[Entries supplied]
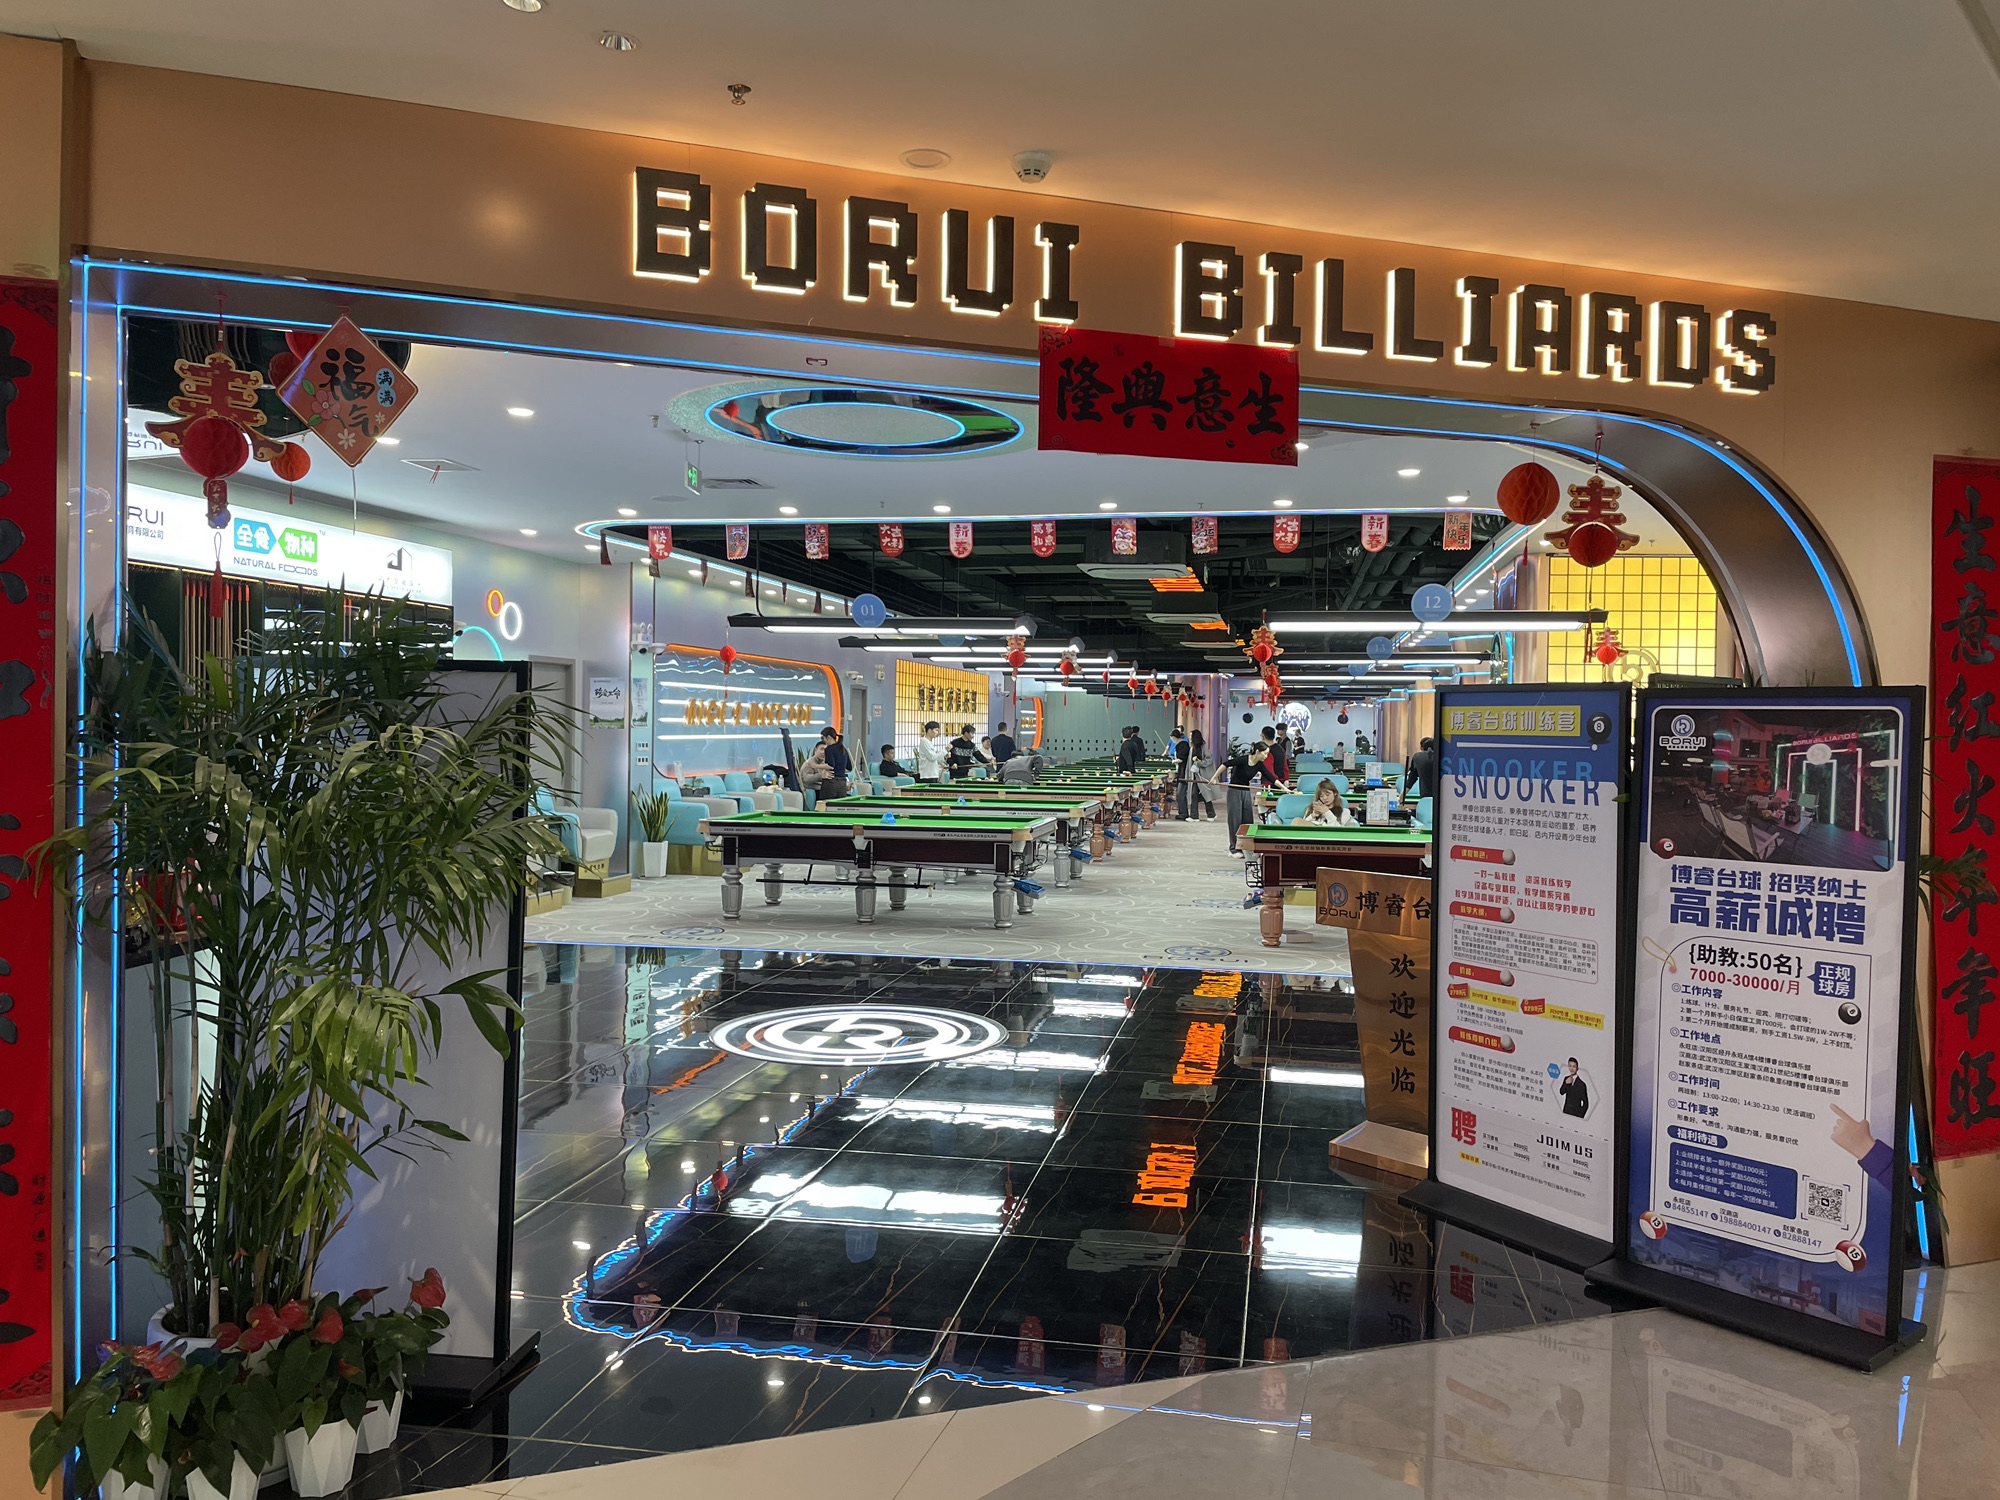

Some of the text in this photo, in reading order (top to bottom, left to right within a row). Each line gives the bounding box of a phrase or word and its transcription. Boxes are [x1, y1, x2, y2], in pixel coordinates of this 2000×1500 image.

[633, 165, 1777, 395] BORUI BILLIARDS
[233, 556, 276, 572] NATURAL
[860, 604, 876, 616] 01
[1424, 596, 1442, 609] 12
[1450, 709, 1577, 733] 博睿台球训练营
[1661, 737, 1705, 747] BORUI
[1453, 774, 1600, 806] SNOOKER
[1671, 863, 1868, 901] 博睿台球 招贤纳士
[1319, 906, 1361, 920] BORUI
[1670, 886, 1867, 946] 高薪诚聘
[1819, 963, 1851, 981] 正规
[1681, 983, 1722, 999] 工作内容
[1818, 978, 1850, 997] 球房
[1388, 953, 1419, 1095] 欢迎光临
[1679, 1027, 1721, 1044] 工作地点
[1678, 1072, 1720, 1090] 工作时间
[1677, 1099, 1719, 1118] 工作要求
[1451, 1106, 1476, 1147] 聘
[1676, 1126, 1718, 1146] 福利待遇
[1574, 1143, 1592, 1158] US
[1671, 1202, 1708, 1219] 84855147
[1719, 1214, 1771, 1235] 19888400147
[1782, 1230, 1822, 1249] 82888147
[/Entries supplied]
### Prompt
Although the records above contain pictures, your copy should give only their text, exactly as written.

### Result of the exercise
Some of the text in this photo, in reading order (top to bottom, left to right within a row). Each line gives the bounding box of a phrase or word and its transcription. Boxes are [x1, y1, x2, y2], in pixel coordinates of this 2000×1500 image.

[633, 165, 1777, 395] BORUI BILLIARDS
[233, 556, 276, 572] NATURAL
[860, 604, 876, 616] 01
[1424, 596, 1442, 609] 12
[1450, 709, 1577, 733] 博睿台球训练营
[1661, 737, 1705, 747] BORUI
[1453, 774, 1600, 806] SNOOKER
[1671, 863, 1868, 901] 博睿台球 招贤纳士
[1319, 906, 1361, 920] BORUI
[1670, 886, 1867, 946] 高薪诚聘
[1819, 963, 1851, 981] 正规
[1681, 983, 1722, 999] 工作内容
[1818, 978, 1850, 997] 球房
[1388, 953, 1419, 1095] 欢迎光临
[1679, 1027, 1721, 1044] 工作地点
[1678, 1072, 1720, 1090] 工作时间
[1677, 1099, 1719, 1118] 工作要求
[1451, 1106, 1476, 1147] 聘
[1676, 1126, 1718, 1146] 福利待遇
[1574, 1143, 1592, 1158] US
[1671, 1202, 1708, 1219] 84855147
[1719, 1214, 1771, 1235] 19888400147
[1782, 1230, 1822, 1249] 82888147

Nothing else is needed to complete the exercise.